Matthew Yglesias: Monetary Policy in an Emergency: I found this 1999 Paul Krugman article about Japan relevant to our contemporary situation:
If a zero short-term interest rate is not enough to generate an economic recovery, and if deficit spending has reached its limits, then there are only two serious remaining policy options. One is to extend open-market operations to those assets whose prices can still be driven up – most obviously, longer-term bonds and foreign currencies. The other is to try to bootstrap a recovery by convincing savers and investors that the future will bring not deflation but modest inflation, something that can best be accomplished by announcing an explicit inflation target, but could possibly be achieved through a less explicit policy of “quantitative easing” – essentially, producing attention-grabbing increases in the monetary base. In practice such policies are not alternatives but complements: unconventional monetary policy today should be used as the opening salvo of a campaign to convince the private sector that inflation rather than deflation will prevail tomorrow.

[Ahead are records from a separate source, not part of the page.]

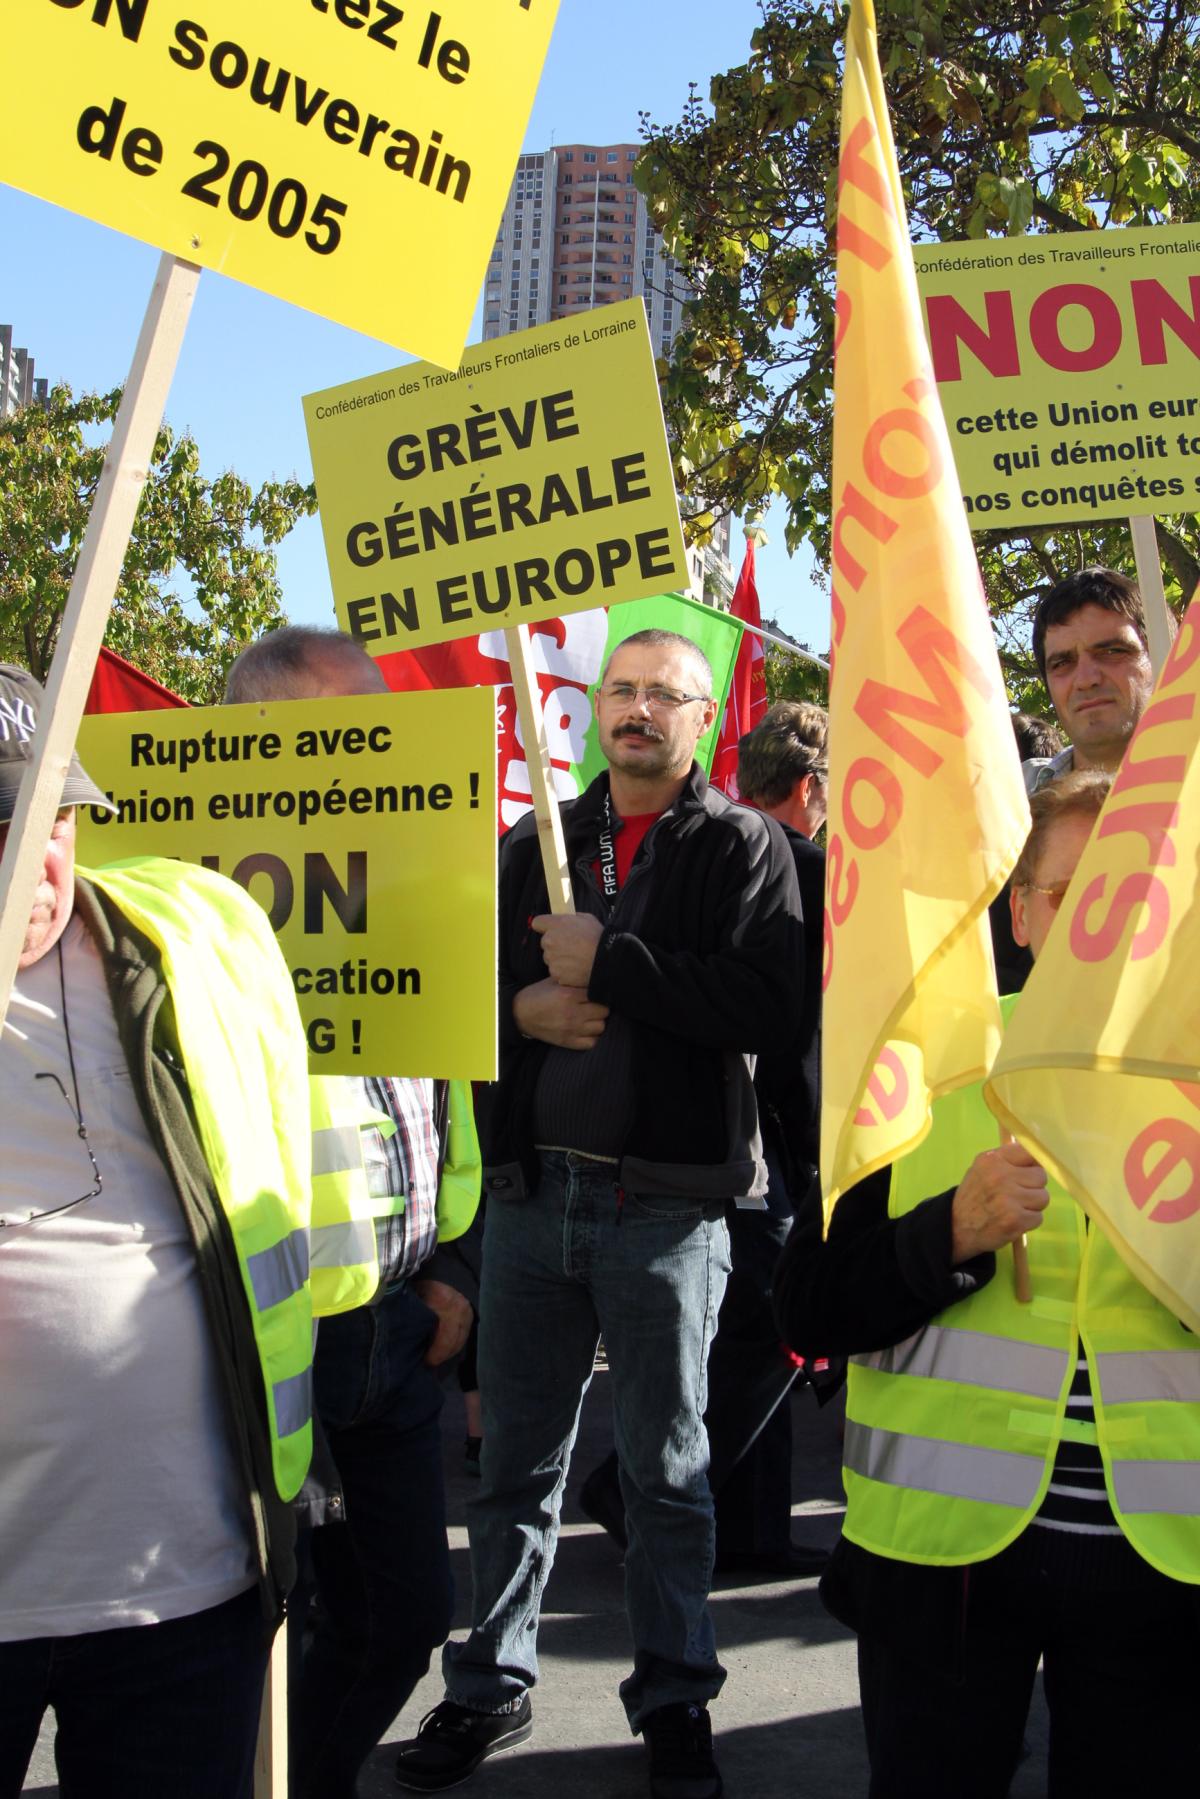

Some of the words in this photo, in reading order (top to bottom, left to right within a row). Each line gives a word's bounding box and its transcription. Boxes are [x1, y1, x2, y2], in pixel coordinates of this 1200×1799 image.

[418, 11, 470, 84] le
[168, 19, 472, 203] souverain
[76, 97, 163, 177] de
[181, 140, 348, 255] 2005
[1018, 252, 1045, 266] des
[1049, 245, 1136, 263] Travailleurs
[316, 387, 396, 420] Confédération
[399, 382, 420, 396] des
[422, 361, 492, 389] Travailleurs
[495, 340, 561, 368] Frontaliers
[564, 334, 580, 348] de
[583, 319, 637, 343] Lorraine
[387, 389, 580, 481] GRÈVE
[956, 408, 1038, 435] cette
[1048, 400, 1138, 427] Union
[1148, 398, 1200, 418] eur
[993, 444, 1040, 476] qui
[1051, 434, 1168, 466] démolit
[346, 452, 651, 567] GÉNÉRALE
[1021, 475, 1184, 508] conquêtes
[346, 587, 420, 643] EN
[436, 528, 675, 624] EUROPE
[130, 729, 281, 773] Rupture
[295, 724, 392, 757] avec
[208, 779, 452, 825] européenne
[468, 773, 481, 809] !
[167, 851, 367, 934] ON
[602, 864, 616, 895] FIFA
[291, 959, 421, 995] cation
[308, 1018, 336, 1055] G

Such proposals are the natural implication of utterly orthodox monetary analysis, applied to Japan’s unusual plight. If you believe that an economy is in a liquidity trap, and that fiscal policy has reached its limits – both propositions about Japan that are hard to deny – it is hard to avoid the conclusion that in such circumstances to adhere to conventional notions of monetary prudence is to flirt with catastrophe, and that policies that would normally be regarded as irresponsible become not only reasonable but essential.
But although this conclusion is hard to avoid, influential Japanese are still trying. Say to them that the Bank of Japan should announce a minimum inflation target of at least 2 percent, or that there should be a clear commitment to increase the monetary base at an annual rate of at least 15 percent, and you get the feeling that you have proposed an immoral act. In public the BOJ’s leadership has adopted a posture that is best described as philosophical, full of skepticism about its ability to do much to turn the economy around. And since monetary policy in a liquidity trap must work mainly through its effect on expectations, such diffidence is not only an abdication of responsibility; it undermines the effectiveness of whatever monetary expansion actually takes place.
I hear a lot of people say that Krugman was better back in the nineties before he became “shrill” and/or “partisan.” I think this is a misunderstanding. I think that if you just turned this into an article about the United States of America that was full of the names of prominent American political, economic, and media figures it would just strike people as a shrill or extreme article. The fact that it’s a piece about a far-off land full of unknown “BOJ leadership” softens the blows, and the fact that the main point is that foreigners (rather than, say, politicians you may admire) are screwing up makes people non-defensive about the argument. But it’s impossible to write clear prose about American politics for an American audience without sounding shrill or hackish or something to some large segment of the population, we all know and care too much.